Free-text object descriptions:
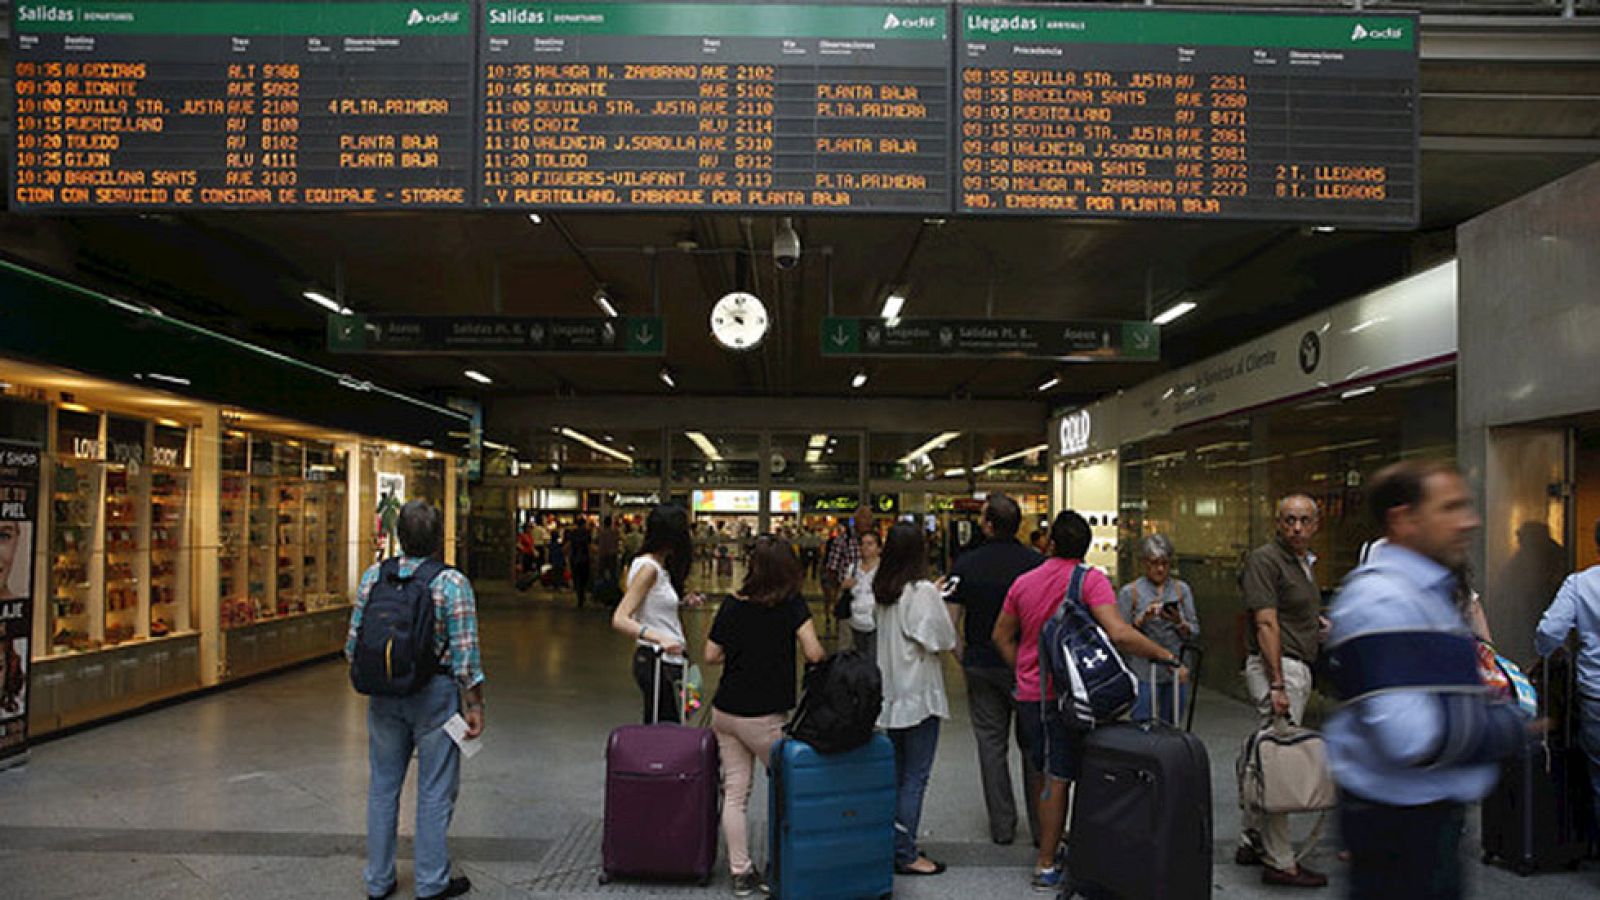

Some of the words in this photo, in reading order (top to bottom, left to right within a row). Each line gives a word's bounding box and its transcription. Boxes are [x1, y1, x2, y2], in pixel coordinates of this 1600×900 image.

[18, 6, 74, 22] Salidas
[489, 9, 544, 24] Salidas
[967, 15, 1037, 33] Llegadas
[488, 65, 531, 78] 10:35
[535, 65, 589, 78] MALAGA
[625, 65, 697, 78] ZAMBRANO
[701, 66, 727, 78] AVE
[1013, 71, 1076, 85] SEVILLA
[1130, 74, 1172, 87] JUSTA
[65, 81, 135, 95] ALICANTE
[228, 82, 254, 96] AVE
[488, 83, 530, 96] 10:45
[534, 82, 605, 96] ALICANTE
[700, 84, 727, 97] AVE
[818, 85, 872, 98] PLANTA
[880, 87, 917, 99] BAJA
[1012, 89, 1093, 102] BARCELONA
[1102, 91, 1145, 104] SANTS
[1176, 93, 1203, 106] AVE
[18, 99, 62, 112] 10:00
[65, 99, 127, 113] SEVILLA
[136, 100, 169, 113] STA.
[181, 100, 224, 113] JUSTA
[228, 101, 254, 114] AVE
[328, 101, 338, 113] 4
[487, 101, 530, 114] 11:00
[535, 100, 598, 114] SEVILLA
[653, 101, 696, 114] JUSTA
[701, 102, 727, 114] AVE
[1012, 106, 1111, 120] PUERTOLLANO
[18, 116, 61, 130] 10:15
[65, 117, 163, 131] PUERTOLLANO
[487, 118, 530, 132] 11:05
[534, 118, 579, 132] CADIZ
[700, 120, 728, 131] ALV
[736, 120, 772, 133] 2114
[1014, 124, 1075, 138] SEVILLA
[1131, 127, 1172, 140] JUSTA
[1176, 129, 1203, 142] AVE
[18, 134, 61, 148] 10:20
[67, 135, 119, 149] TOLEDO
[262, 136, 297, 150] 8102
[341, 135, 394, 148] PLANTA
[402, 135, 438, 149] BAJA
[486, 136, 529, 150] 11:10
[534, 136, 606, 149] VALENCIA
[700, 137, 725, 150] AVE
[817, 139, 872, 151] PLANTA
[880, 140, 916, 152] BAJA
[1013, 142, 1084, 155] VALENCIA
[1177, 146, 1203, 159] AVE
[18, 152, 61, 166] 10:25
[65, 152, 110, 167] GIJON
[227, 154, 253, 167] ALV
[262, 154, 296, 167] 4111
[340, 153, 394, 167] PLANTA
[401, 153, 438, 167] BAJA
[486, 154, 529, 168] 11:20
[535, 154, 588, 167] TOLEDO
[65, 170, 144, 184] BARCELONA
[152, 171, 196, 185] SANTS
[227, 171, 252, 185] AVE
[1013, 160, 1093, 174] BARCELONA
[1102, 162, 1146, 175] SANTS
[1176, 164, 1203, 177] AVE
[1277, 166, 1285, 179] 2
[1316, 168, 1385, 180] LLEGADAS
[532, 172, 685, 185] FIGUERES-VILAFANT
[699, 173, 725, 185] AVE
[17, 188, 54, 202] CION
[61, 188, 88, 202] CON
[96, 188, 167, 202] SERVICIO
[175, 188, 192, 203] DE
[201, 189, 271, 202] CONSIGNA
[279, 189, 296, 202] DE
[305, 189, 376, 202] EQUIPAJE
[401, 188, 464, 202] STORAGE
[1012, 178, 1067, 191] MALAGA
[1102, 179, 1172, 193] ZAMBRANO
[1176, 182, 1203, 195] AVE
[1316, 185, 1385, 199] LLEGADAS
[497, 189, 508, 203] Y
[631, 190, 703, 203] EMBARQUE
[712, 190, 741, 204] POR
[748, 191, 804, 204] PLANTA
[812, 192, 850, 205] BAJA
[1006, 195, 1077, 208] EMBARQUE
[1086, 196, 1114, 210] POR
[1121, 198, 1176, 211] PLANTA
[1182, 199, 1220, 212] BAJA

=== Exercise instructions ===
The records above are to be retyped exactly, with every picture left out.

=== Written solution ===
Some of the words in this photo, in reading order (top to bottom, left to right within a row). Each line gives a word's bounding box and its transcription. Boxes are [x1, y1, x2, y2], in pixel coordinates of this 1600×900 image.

[18, 6, 74, 22] Salidas
[489, 9, 544, 24] Salidas
[967, 15, 1037, 33] Llegadas
[488, 65, 531, 78] 10:35
[535, 65, 589, 78] MALAGA
[625, 65, 697, 78] ZAMBRANO
[701, 66, 727, 78] AVE
[1013, 71, 1076, 85] SEVILLA
[1130, 74, 1172, 87] JUSTA
[65, 81, 135, 95] ALICANTE
[228, 82, 254, 96] AVE
[488, 83, 530, 96] 10:45
[534, 82, 605, 96] ALICANTE
[700, 84, 727, 97] AVE
[818, 85, 872, 98] PLANTA
[880, 87, 917, 99] BAJA
[1012, 89, 1093, 102] BARCELONA
[1102, 91, 1145, 104] SANTS
[1176, 93, 1203, 106] AVE
[18, 99, 62, 112] 10:00
[65, 99, 127, 113] SEVILLA
[136, 100, 169, 113] STA.
[181, 100, 224, 113] JUSTA
[228, 101, 254, 114] AVE
[328, 101, 338, 113] 4
[487, 101, 530, 114] 11:00
[535, 100, 598, 114] SEVILLA
[653, 101, 696, 114] JUSTA
[701, 102, 727, 114] AVE
[1012, 106, 1111, 120] PUERTOLLANO
[18, 116, 61, 130] 10:15
[65, 117, 163, 131] PUERTOLLANO
[487, 118, 530, 132] 11:05
[534, 118, 579, 132] CADIZ
[700, 120, 728, 131] ALV
[736, 120, 772, 133] 2114
[1014, 124, 1075, 138] SEVILLA
[1131, 127, 1172, 140] JUSTA
[1176, 129, 1203, 142] AVE
[18, 134, 61, 148] 10:20
[67, 135, 119, 149] TOLEDO
[262, 136, 297, 150] 8102
[341, 135, 394, 148] PLANTA
[402, 135, 438, 149] BAJA
[486, 136, 529, 150] 11:10
[534, 136, 606, 149] VALENCIA
[700, 137, 725, 150] AVE
[817, 139, 872, 151] PLANTA
[880, 140, 916, 152] BAJA
[1013, 142, 1084, 155] VALENCIA
[1177, 146, 1203, 159] AVE
[18, 152, 61, 166] 10:25
[65, 152, 110, 167] GIJON
[227, 154, 253, 167] ALV
[262, 154, 296, 167] 4111
[340, 153, 394, 167] PLANTA
[401, 153, 438, 167] BAJA
[486, 154, 529, 168] 11:20
[535, 154, 588, 167] TOLEDO
[65, 170, 144, 184] BARCELONA
[152, 171, 196, 185] SANTS
[227, 171, 252, 185] AVE
[1013, 160, 1093, 174] BARCELONA
[1102, 162, 1146, 175] SANTS
[1176, 164, 1203, 177] AVE
[1277, 166, 1285, 179] 2
[1316, 168, 1385, 180] LLEGADAS
[532, 172, 685, 185] FIGUERES-VILAFANT
[699, 173, 725, 185] AVE
[17, 188, 54, 202] CION
[61, 188, 88, 202] CON
[96, 188, 167, 202] SERVICIO
[175, 188, 192, 203] DE
[201, 189, 271, 202] CONSIGNA
[279, 189, 296, 202] DE
[305, 189, 376, 202] EQUIPAJE
[401, 188, 464, 202] STORAGE
[1012, 178, 1067, 191] MALAGA
[1102, 179, 1172, 193] ZAMBRANO
[1176, 182, 1203, 195] AVE
[1316, 185, 1385, 199] LLEGADAS
[497, 189, 508, 203] Y
[631, 190, 703, 203] EMBARQUE
[712, 190, 741, 204] POR
[748, 191, 804, 204] PLANTA
[812, 192, 850, 205] BAJA
[1006, 195, 1077, 208] EMBARQUE
[1086, 196, 1114, 210] POR
[1121, 198, 1176, 211] PLANTA
[1182, 199, 1220, 212] BAJA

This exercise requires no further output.